Work instructions. Could you please output all of the data exactly, without the images?

Supplied information.

· · · ·

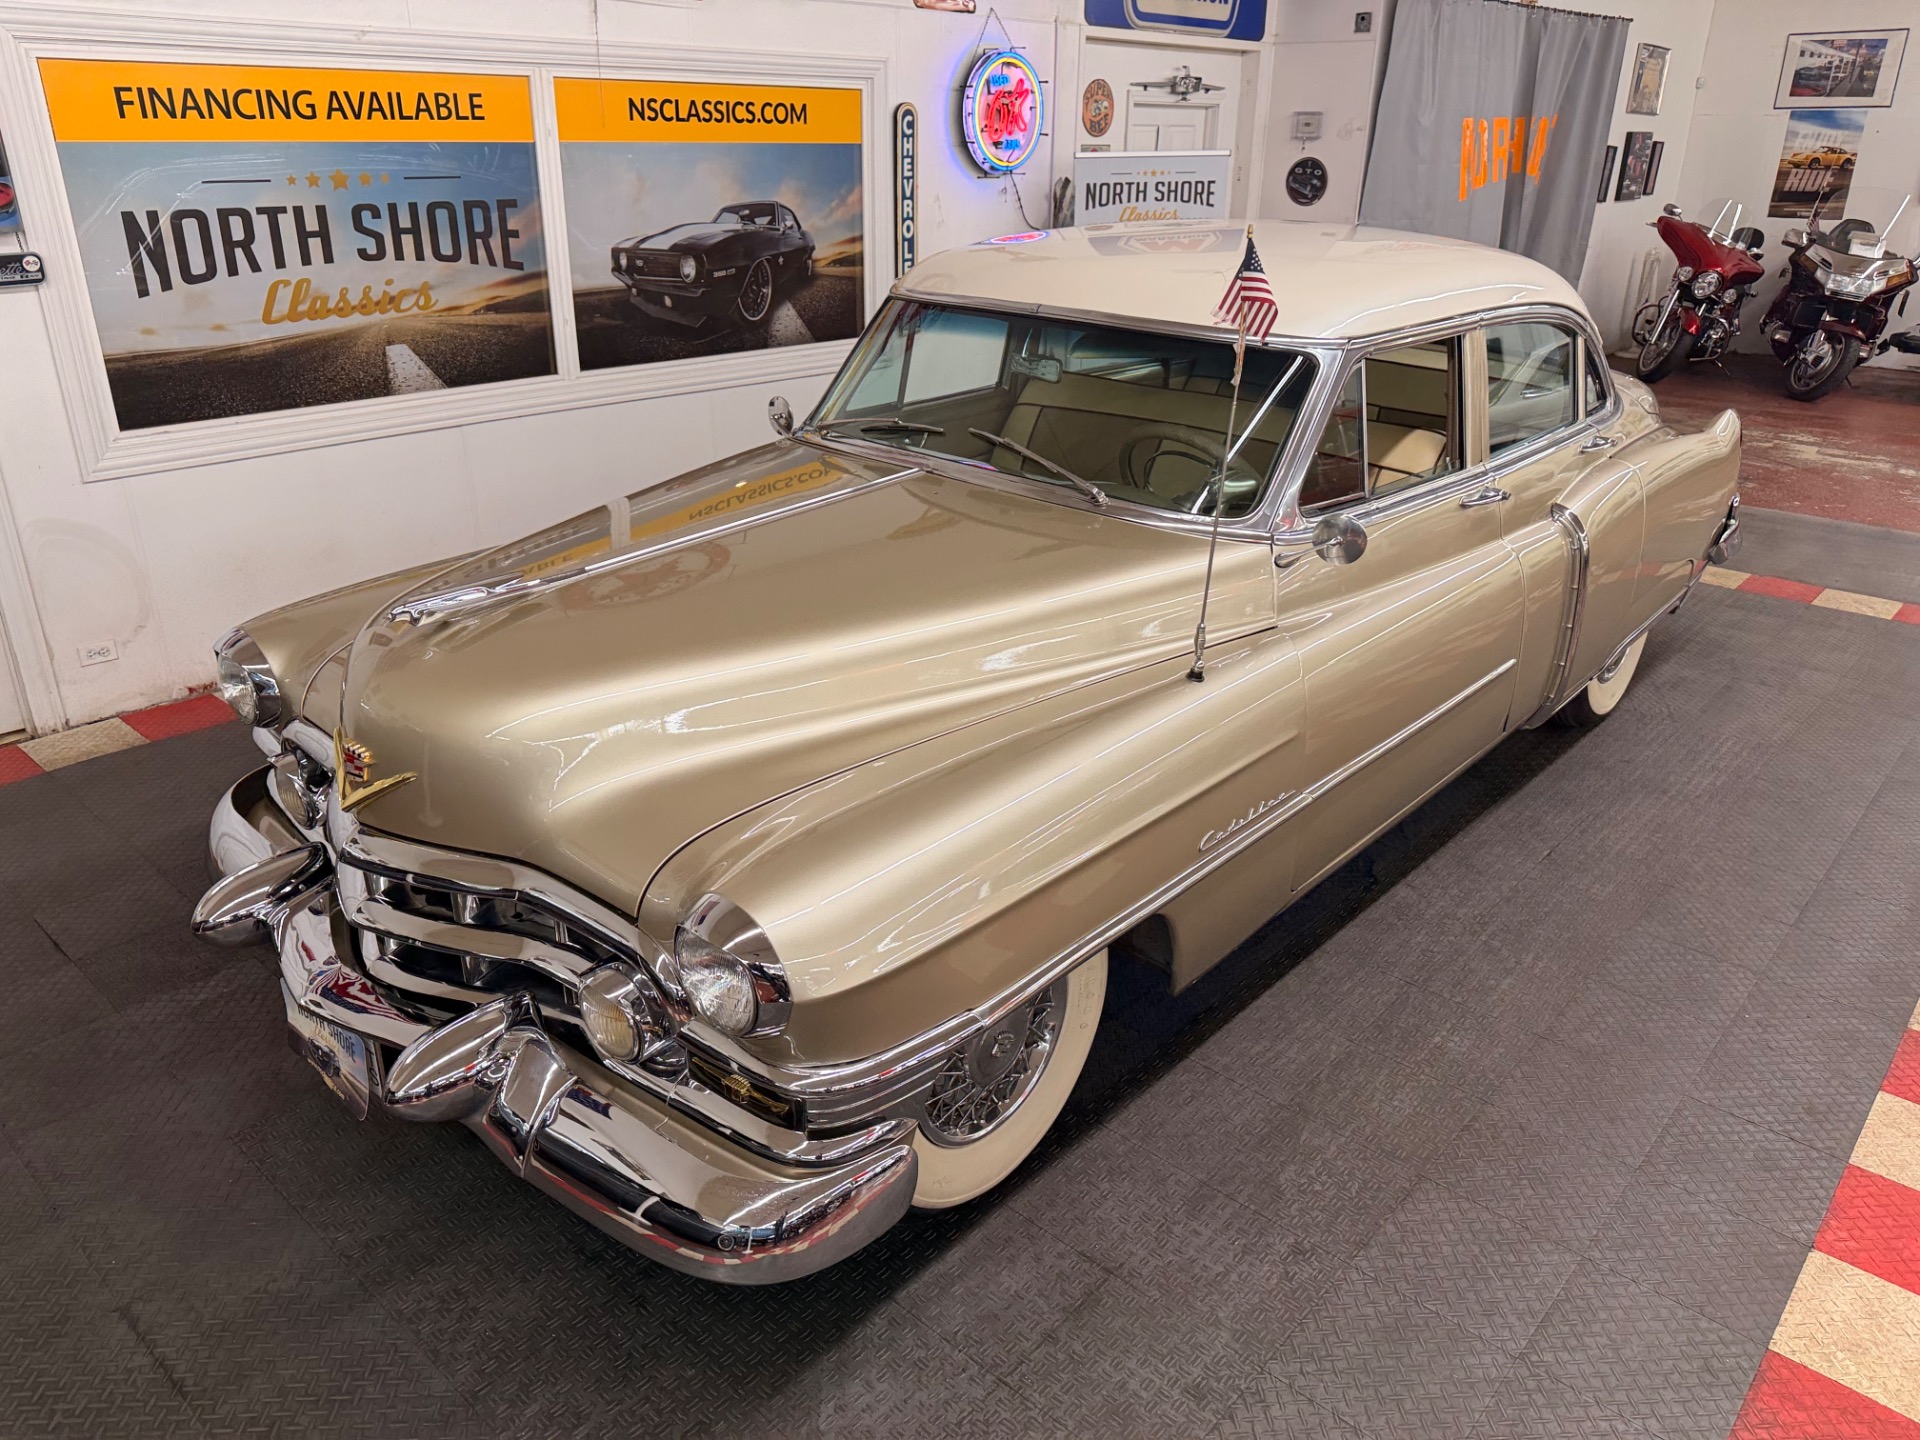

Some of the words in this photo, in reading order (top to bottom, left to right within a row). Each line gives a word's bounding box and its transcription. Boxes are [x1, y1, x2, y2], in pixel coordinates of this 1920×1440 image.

[113, 86, 317, 120] FINANCING
[326, 91, 486, 121] AVAILABLE
[628, 97, 808, 125] NSCLASSICS.COM
[901, 114, 915, 276] CHEVROLE
[1085, 181, 1148, 211] NORTH
[1154, 180, 1216, 208] SHORE
[1783, 168, 1835, 192] RIDE
[1119, 206, 1180, 222] Classics
[120, 205, 335, 298] NORTH
[351, 198, 525, 272] SHORE
[0, 262, 25, 275] ette
[261, 276, 440, 325] Classics

· · · ·

Solution to this exercise.
Some of the words in this photo, in reading order (top to bottom, left to right within a row). Each line gives a word's bounding box and its transcription. Boxes are [x1, y1, x2, y2], in pixel coordinates of this 1920×1440 image.

[113, 86, 317, 120] FINANCING
[326, 91, 486, 121] AVAILABLE
[628, 97, 808, 125] NSCLASSICS.COM
[901, 114, 915, 276] CHEVROLE
[1085, 181, 1148, 211] NORTH
[1154, 180, 1216, 208] SHORE
[1783, 168, 1835, 192] RIDE
[1119, 206, 1180, 222] Classics
[120, 205, 335, 298] NORTH
[351, 198, 525, 272] SHORE
[0, 262, 25, 275] ette
[261, 276, 440, 325] Classics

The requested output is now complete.